Exercise requirements -> For each entry, return the text exactly and omit any image.

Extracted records
↓
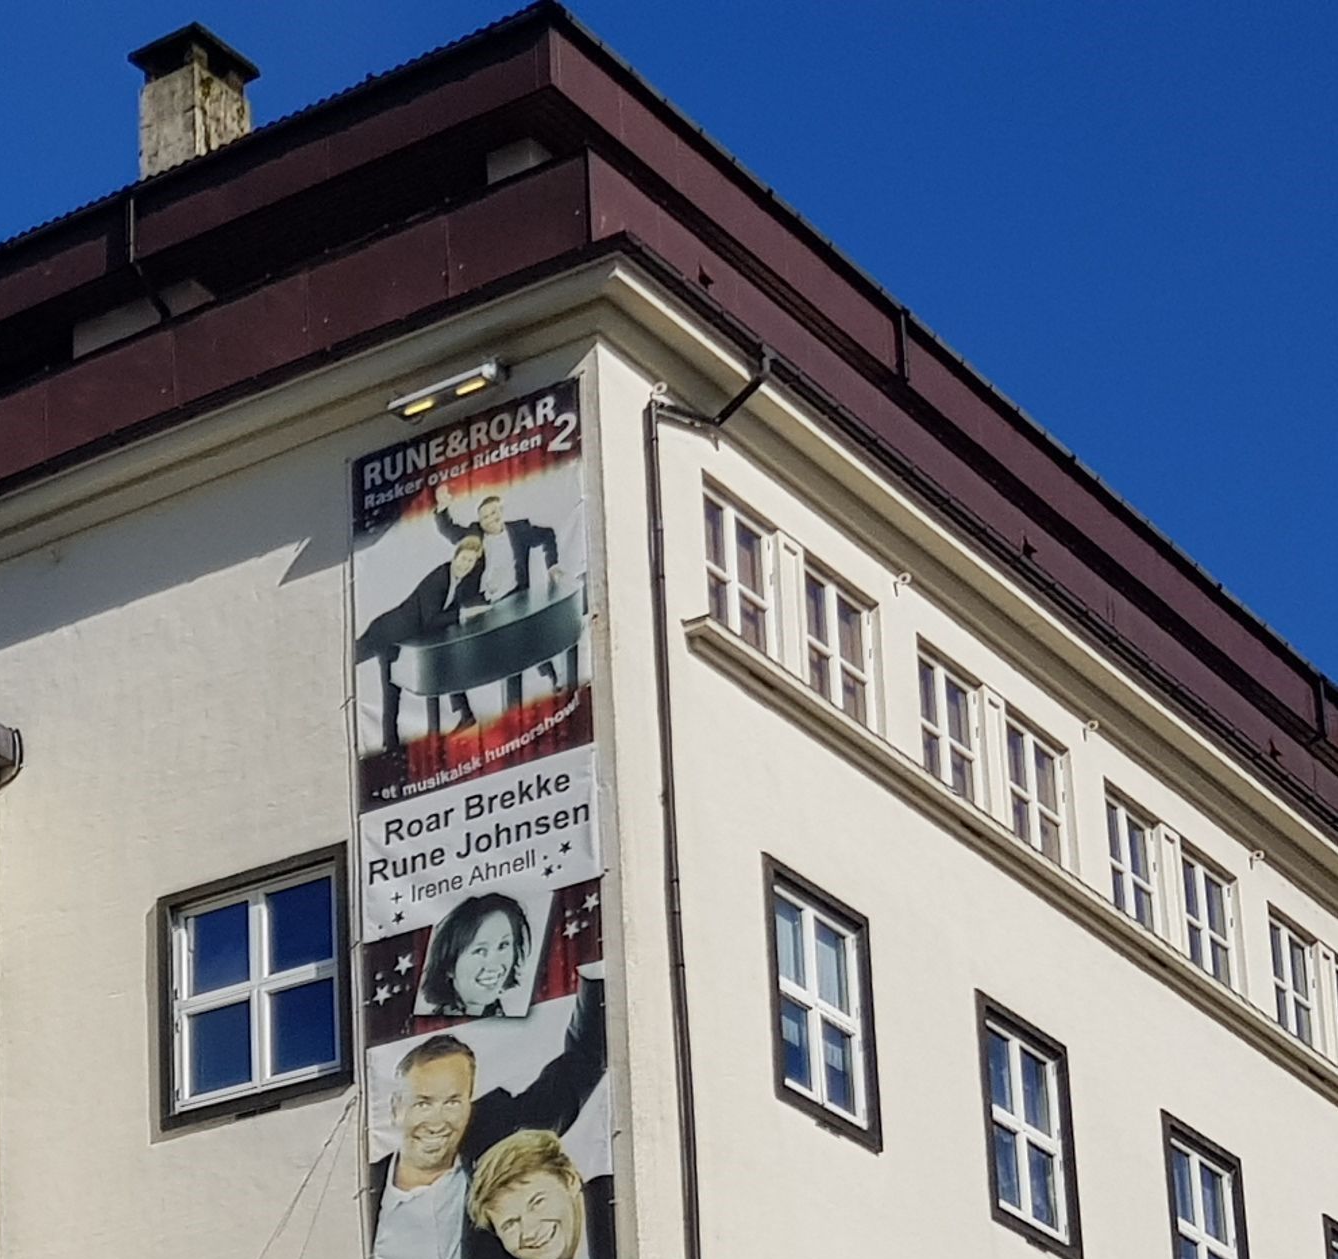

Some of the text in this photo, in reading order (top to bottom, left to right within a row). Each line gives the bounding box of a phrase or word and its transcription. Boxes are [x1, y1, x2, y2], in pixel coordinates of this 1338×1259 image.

[364, 396, 556, 490] RUNE&ROAR
[547, 412, 577, 452] 2
[364, 434, 542, 510] Rasker over Ricksen
[384, 773, 571, 846] Roar Brekke
[402, 755, 483, 796] musikalsk
[368, 803, 590, 886] Rune Johnsen
[411, 875, 464, 902] Irene
[468, 849, 537, 887] Ahnell
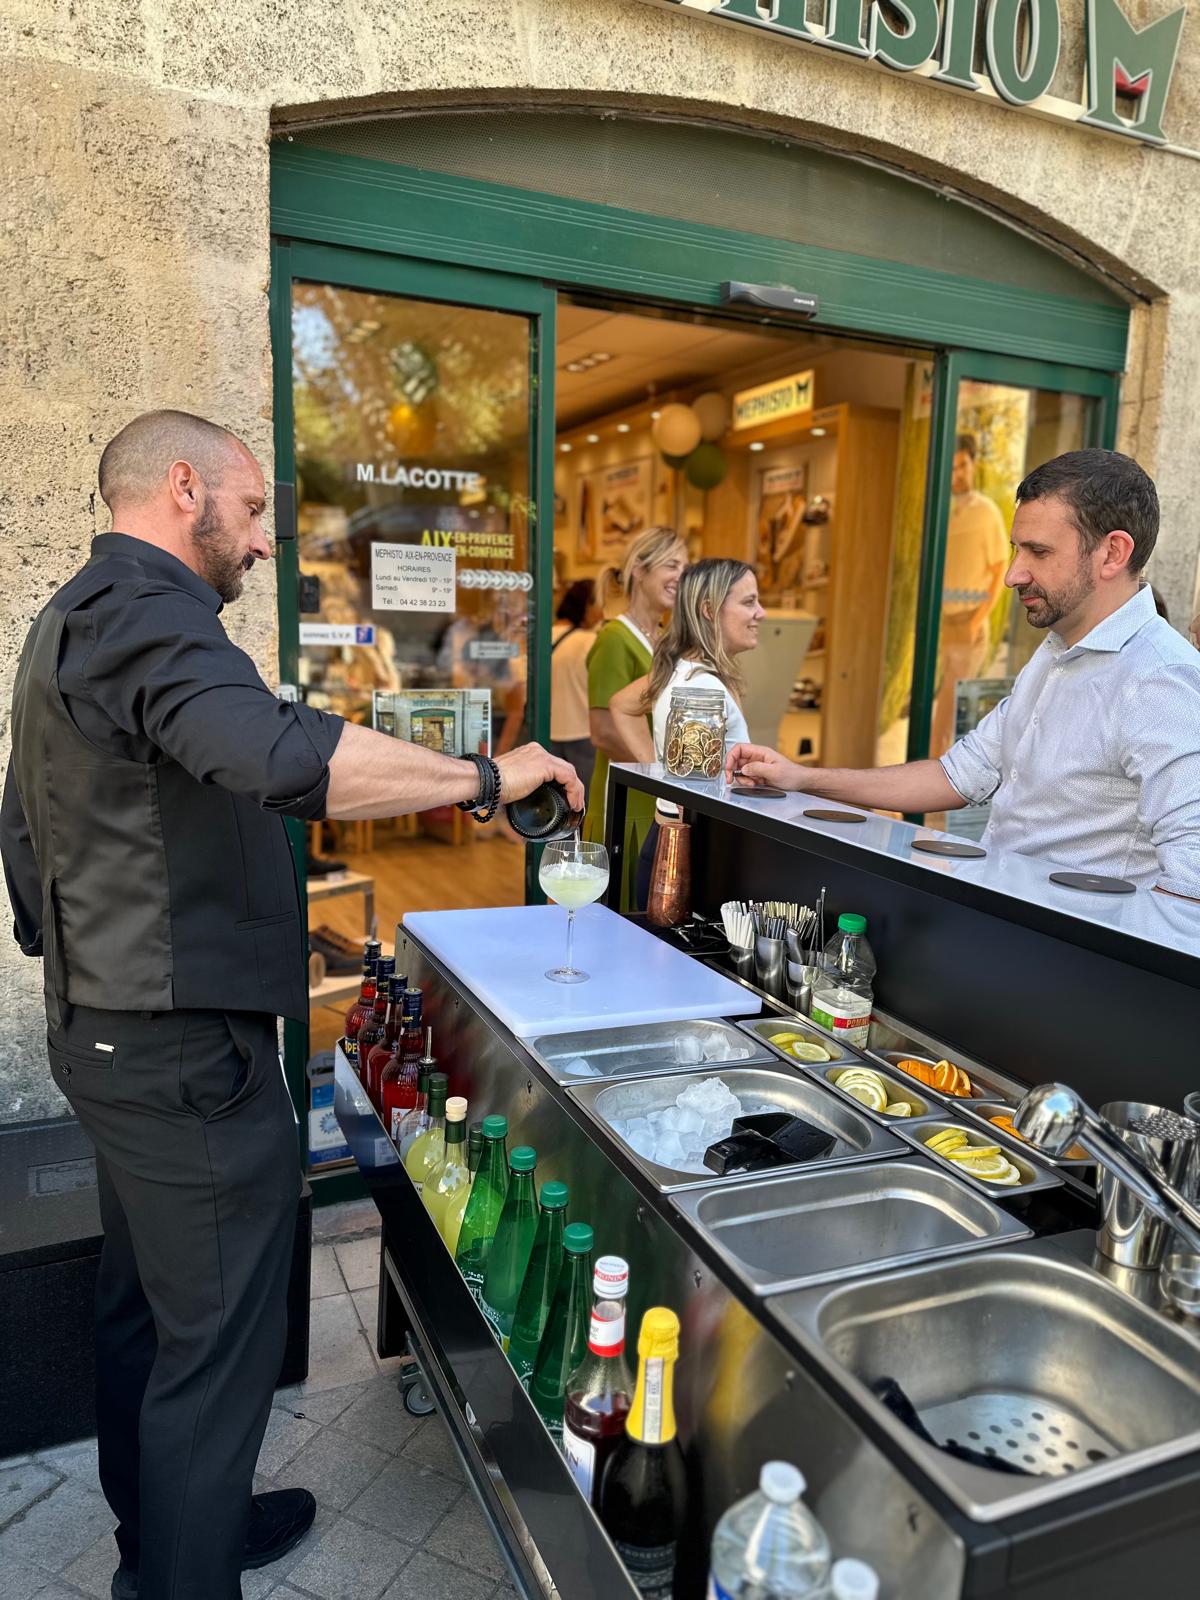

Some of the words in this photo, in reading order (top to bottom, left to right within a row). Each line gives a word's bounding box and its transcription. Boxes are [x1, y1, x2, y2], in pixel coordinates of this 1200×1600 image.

[375, 548, 403, 560] MEPHISTO
[404, 550, 453, 563] AIX-EN-PROVENCE
[397, 564, 432, 573] HORAIRES
[402, 575, 428, 583] Vendredi
[375, 584, 399, 592] Samedi
[428, 599, 437, 607] 23
↑
Solved problem ->
Some of the text in this photo, in reading order (top to bottom, left to right within a row). Each line gives the bounding box of a phrase or word and its transcription. Boxes are [x1, y1, x2, y2], in pixel coordinates of this 1338×1259 image.

[364, 396, 556, 490] RUNE&ROAR
[547, 412, 577, 452] 2
[364, 434, 542, 510] Rasker over Ricksen
[384, 773, 571, 846] Roar Brekke
[402, 755, 483, 796] musikalsk
[368, 803, 590, 886] Rune Johnsen
[411, 875, 464, 902] Irene
[468, 849, 537, 887] Ahnell

Some of the words in this photo, in reading order (top to bottom, left to right within a row). Each line gives a word's bounding box and its transcription. Boxes are [x1, y1, x2, y2], in pixel coordinates of this 1200×1600 image.

[375, 548, 403, 560] MEPHISTO
[404, 550, 453, 563] AIX-EN-PROVENCE
[397, 564, 432, 573] HORAIRES
[402, 575, 428, 583] Vendredi
[375, 584, 399, 592] Samedi
[428, 599, 437, 607] 23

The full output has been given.